マーちゃんの数独日記

かっては数独解説。今はつれづれに旅行記や日常雑記など。

「花湯の森」へ

2016年03月29日 | 銭湯

 それは、マンションのエレベーター内での会話から始まった。
  「今日は温泉からの帰りです」と語る顔見知りの女性に、私は「どちらの温泉ですか」と問うと、「籠原です。素晴らしい温泉でした」との答え。籠原ならば我が妹夫妻の住む深谷の隣街ではないかと、直ぐにネット検索すると、深谷にある『花湯の森』がヒットした。この温泉の評価は非常に高く、この湯に間違いないだろうと確信し、義妹のマコちゃんに電話すると、彼女は何とそこの会員とのこと。深谷へは年に1度ほど訪れるが、その際には是非と、その温泉への案内を依頼しておいた。(写真:花湯の森の廊下)

 その日は意外に早くやって来た。325日(金)~26日(土)に掛けて一泊し、初日は「花湯の森」・「鉢形城跡」を案内してもらい、翌日には「足利学校」に足を延ばした。今日のブログは主として初日の様子を綴る。
 池袋から湘南・新宿ラインで籠原へ。特別快速に乗車し、池袋から僅か1時間5分で目的地着。こんなに短時間だったのかと驚きのスタート。待っていてくれた二人は新車だった。直ぐにスーパー「マミーマート内 魚耕」へ。この魚屋さん、お安くて、新鮮な魚を揃えている。マコちゃんはアジ9疋を捌いて貰った。これで「ミソナメロウ」を手作りするのだそうな。目が欲しい私は鯛と鰤の刺身を買添えた。(写真:魚耕の店先き)
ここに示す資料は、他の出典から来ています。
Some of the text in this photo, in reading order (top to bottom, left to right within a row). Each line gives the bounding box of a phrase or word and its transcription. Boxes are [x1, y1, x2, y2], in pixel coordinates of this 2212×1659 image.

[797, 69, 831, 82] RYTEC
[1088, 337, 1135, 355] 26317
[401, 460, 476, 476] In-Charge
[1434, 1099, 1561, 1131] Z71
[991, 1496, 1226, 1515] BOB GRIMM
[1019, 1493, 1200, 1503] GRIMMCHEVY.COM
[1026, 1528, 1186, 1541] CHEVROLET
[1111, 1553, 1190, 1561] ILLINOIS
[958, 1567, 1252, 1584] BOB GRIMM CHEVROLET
 「花湯の森」は評判通りの日帰り温泉だった。入湯料は会員割引の恩恵を受け980円、オプションの岩盤浴はプラス100円。内風呂・2つの露天・窯湯・寝湯・サウナと、風呂は豊富で、しかも平日とあって空いている上に湯がさらさらしている。築9年のこの湯処は清潔でもあり温泉三昧。岩盤浴内での20分間の昼寝で心身ともにリフレッシュする。室内着に着替えの食事もお茶も可能な点が更に良い。(写真:内湯)
 籠原にあるホテル「花湯の森」からは送迎バスが出るとの事。件の女性が「籠原の温泉」と語った理由を納得。館内の様子は文末の写真で。

 その後、寄居町の鉢形城跡地へ。その手前で「エドヒガンザクラ」に出会った。案内人の彼らも知らない桜で、ほぼ満開。大きな木に見事な桜を咲かせていた。偶然のサクラとの出会いで気分が浮き立って来た。
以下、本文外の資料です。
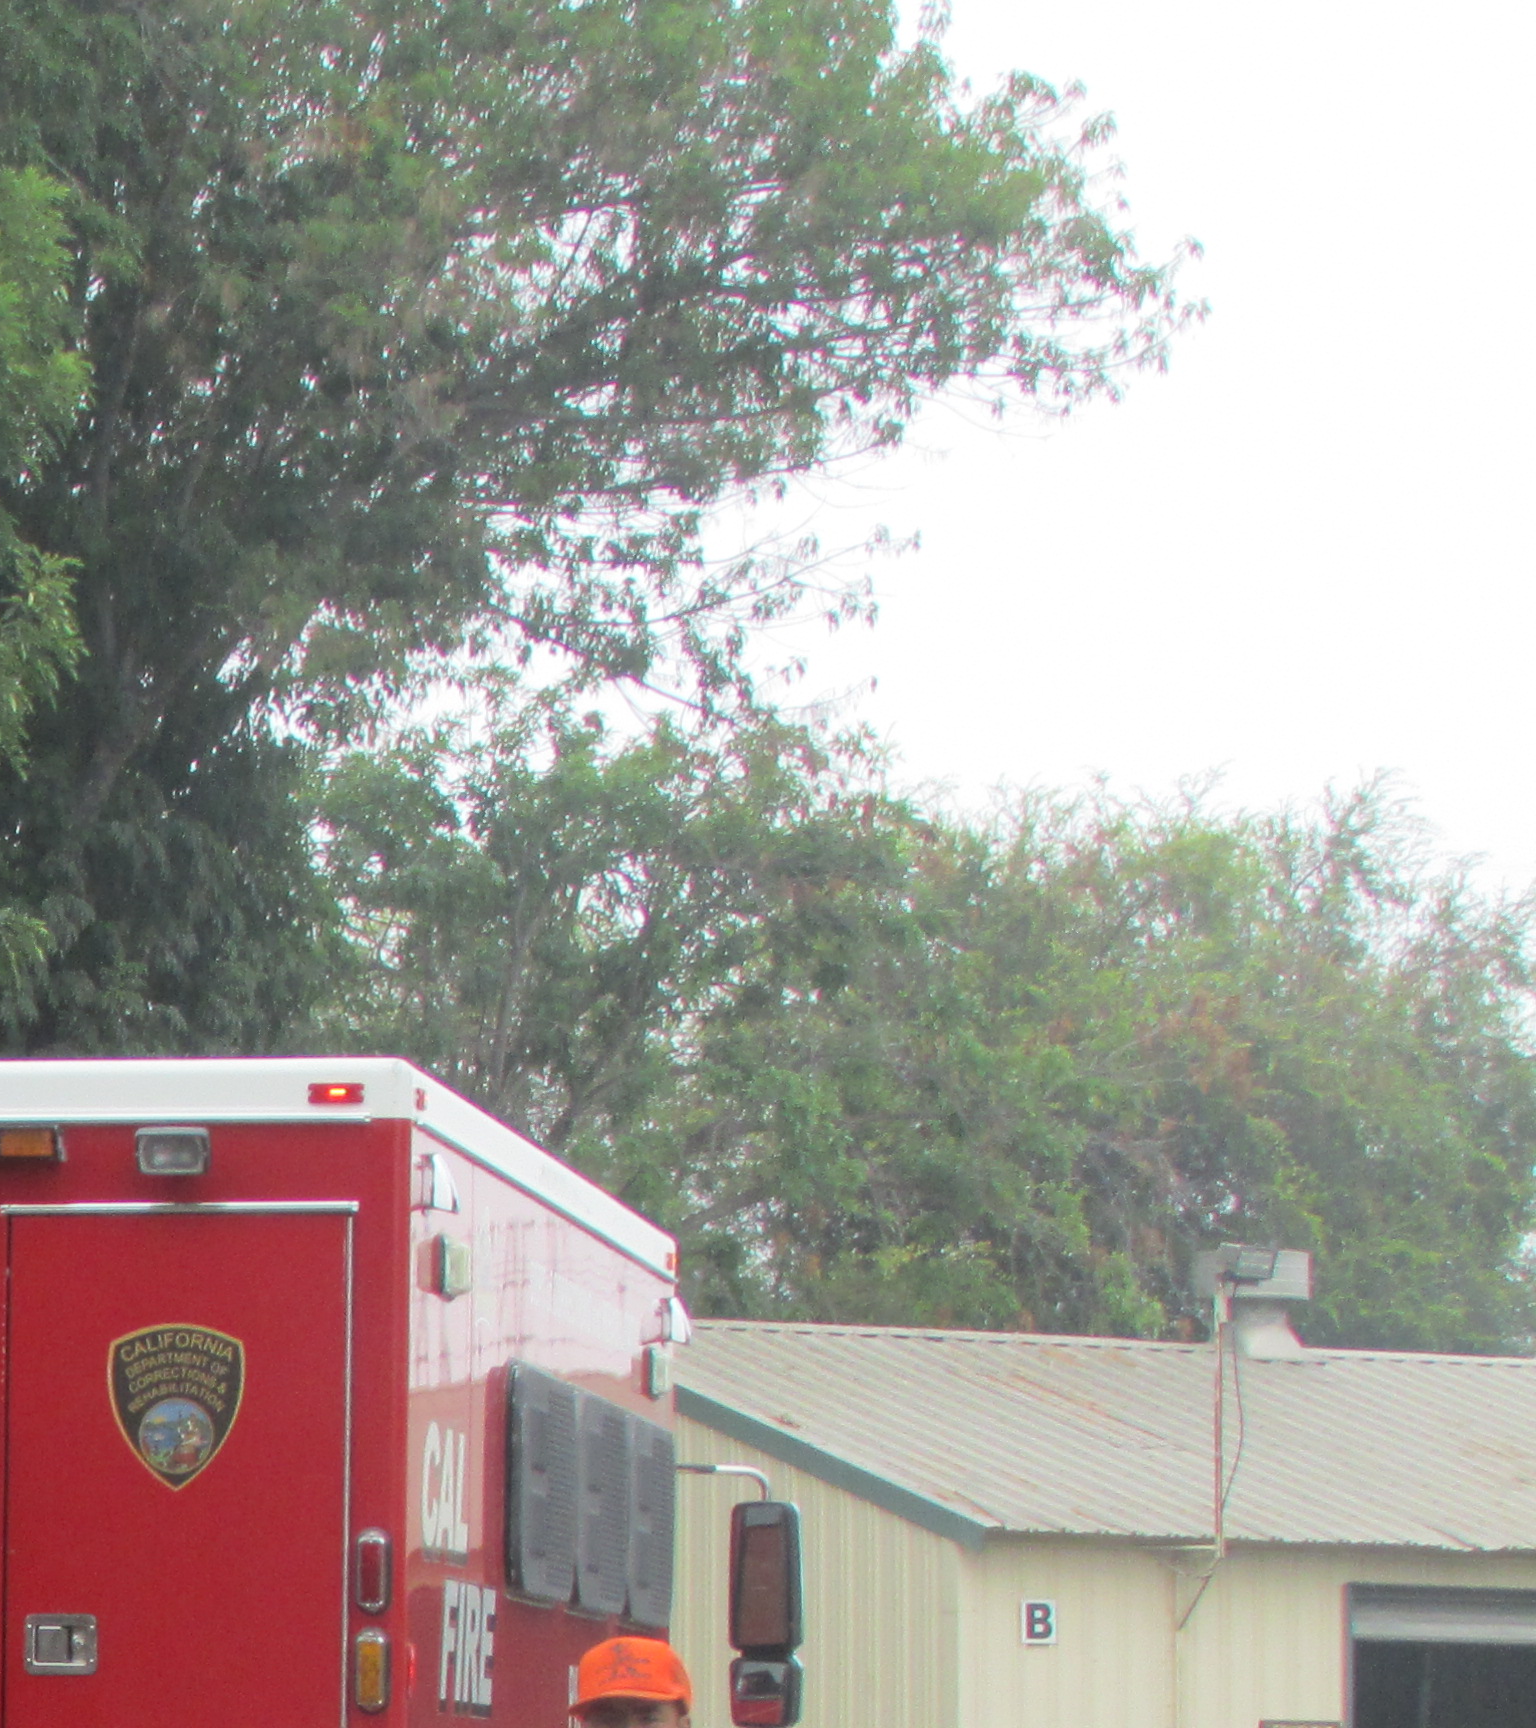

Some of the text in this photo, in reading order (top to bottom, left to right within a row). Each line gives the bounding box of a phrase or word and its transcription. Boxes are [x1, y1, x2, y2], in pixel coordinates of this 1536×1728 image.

[120, 1332, 234, 1362] CALIFORNIA
[125, 1352, 229, 1379] DEPARTMENT OF
[128, 1367, 217, 1394] CORRECTIONS
[128, 1382, 226, 1414] REHABILITATION
[421, 1420, 469, 1556] CAL
[1026, 1603, 1053, 1639] B
[439, 1579, 497, 1709] FIRE
 帰宅して夕食。食卓にはマコちゃん特製のミソナメロウを中心に数種類の料理が並び、石野さんは私の好きな「〆張鶴」を用意しておいてくれた。彼らのお父様と私達を交えた5人での夕食。石野家は、昭和40年代に故郷新潟をあとにし、お父さんや石野さんは都会に出て長い年月働いて来た。勤勉で寡黙な86歳の父上に私は好感を抱いていて、その夜には色々とお聞きしたくて、話題を意識的にお父さんに振った。普段より饒舌に、過去を色々と語ったお父さんも楽しそうだった。満足度いこの日、私は気持ちよく酩酊し、一番先に床に着いた。

   
             (壺湯)                          (足湯)
 

  
             (露天)                      (露天から内湯を眺める)


 
            (休息処)                                           (寝湯)



    





桜木会館から六龍鉱泉へ

2014年02月02日 | 銭湯

 「谷中コミュニティーセンター図書館」は現在建て替え中なので、台東区で借りた図書は、東京芸大付近にある「桜木会館」まで返却に行く。我が家から自転車で20分の距離にある。

 1月31日(金)の一昨日、その桜木会館へ図書の返却・受取に行き、上野高校の脇を回り込み、清水坂を下って六龍鉱泉へと回った。1月2日の谷中七福神巡りの際発見した、銭湯的鉱泉である。
 まずはこの「六龍鉱泉 黒湯」の基本データーを記すと
 住所 東京都台東区池之端3-4-20 電話 03-3812ー3826 定休日 月曜 
 営業時間 15:30~23:00 
 鉱泉の肌触りは東京の重曹泉と言う感じで、黒っぽく濁っている。(写真:六龍鉱泉正面)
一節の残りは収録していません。